### MATERIAL FOR THIS TASK

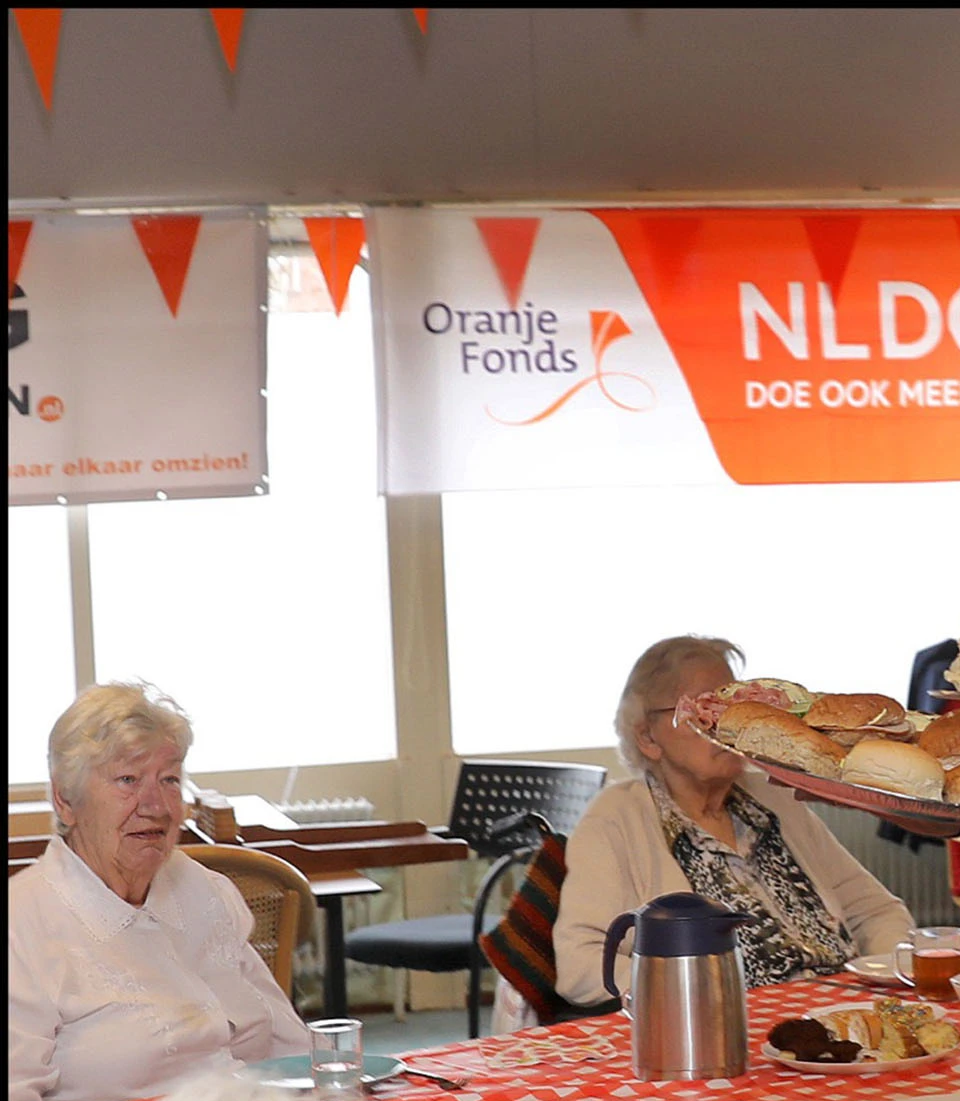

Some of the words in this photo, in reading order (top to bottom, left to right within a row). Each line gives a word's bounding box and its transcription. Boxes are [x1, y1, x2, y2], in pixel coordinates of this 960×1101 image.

[423, 302, 558, 345] Oranje
[461, 339, 578, 374] Fonds
[745, 380, 812, 409] DOE
[819, 379, 891, 408] OOK
[8, 462, 54, 478] aar
[62, 457, 142, 478] elkaar
[150, 452, 248, 473] omzien!

######

INSTRUCTIONS FOR THE TASK » Give the data above back unchanged, except for the pictures.

EXERCISE ANSWER »
Some of the words in this photo, in reading order (top to bottom, left to right within a row). Each line gives a word's bounding box and its transcription. Boxes are [x1, y1, x2, y2], in pixel coordinates of this 960×1101 image.

[423, 302, 558, 345] Oranje
[461, 339, 578, 374] Fonds
[745, 380, 812, 409] DOE
[819, 379, 891, 408] OOK
[8, 462, 54, 478] aar
[62, 457, 142, 478] elkaar
[150, 452, 248, 473] omzien!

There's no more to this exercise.